* **Task goal**:
Nothing but the pictures gets dropped; retype every entry exactly.

/---

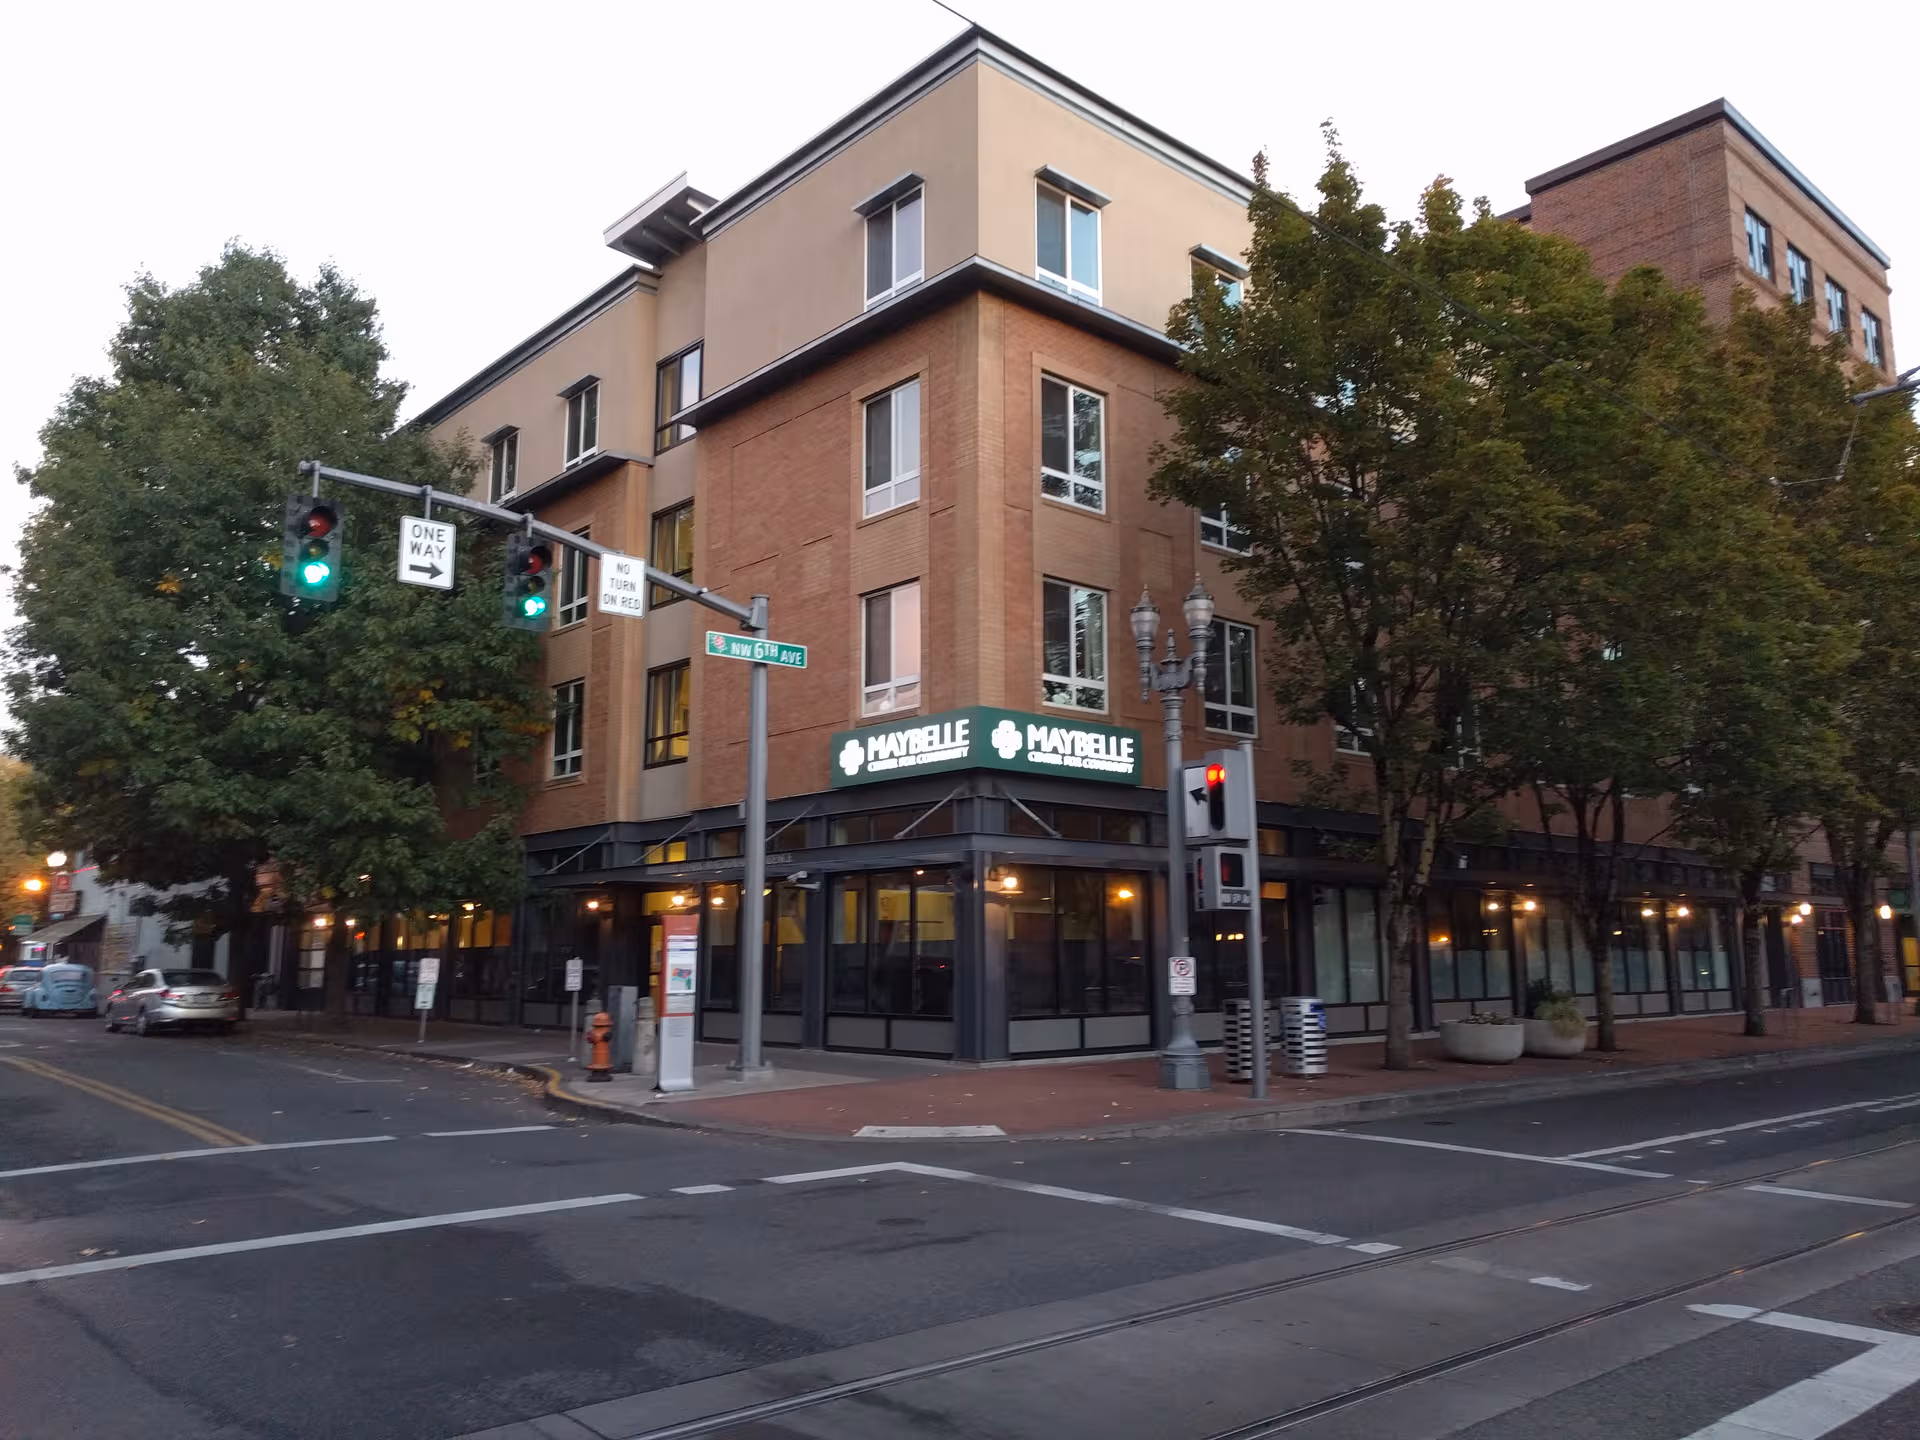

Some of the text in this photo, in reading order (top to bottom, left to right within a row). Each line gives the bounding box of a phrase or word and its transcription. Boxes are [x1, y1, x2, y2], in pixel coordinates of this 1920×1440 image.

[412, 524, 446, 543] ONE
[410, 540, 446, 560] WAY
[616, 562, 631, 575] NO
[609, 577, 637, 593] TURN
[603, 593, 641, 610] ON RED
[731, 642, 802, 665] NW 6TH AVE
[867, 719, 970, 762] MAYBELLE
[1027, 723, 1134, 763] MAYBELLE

\---

* **Output**:
Some of the text in this photo, in reading order (top to bottom, left to right within a row). Each line gives the bounding box of a phrase or word and its transcription. Boxes are [x1, y1, x2, y2], in pixel coordinates of this 1920×1440 image.

[412, 524, 446, 543] ONE
[410, 540, 446, 560] WAY
[616, 562, 631, 575] NO
[609, 577, 637, 593] TURN
[603, 593, 641, 610] ON RED
[731, 642, 802, 665] NW 6TH AVE
[867, 719, 970, 762] MAYBELLE
[1027, 723, 1134, 763] MAYBELLE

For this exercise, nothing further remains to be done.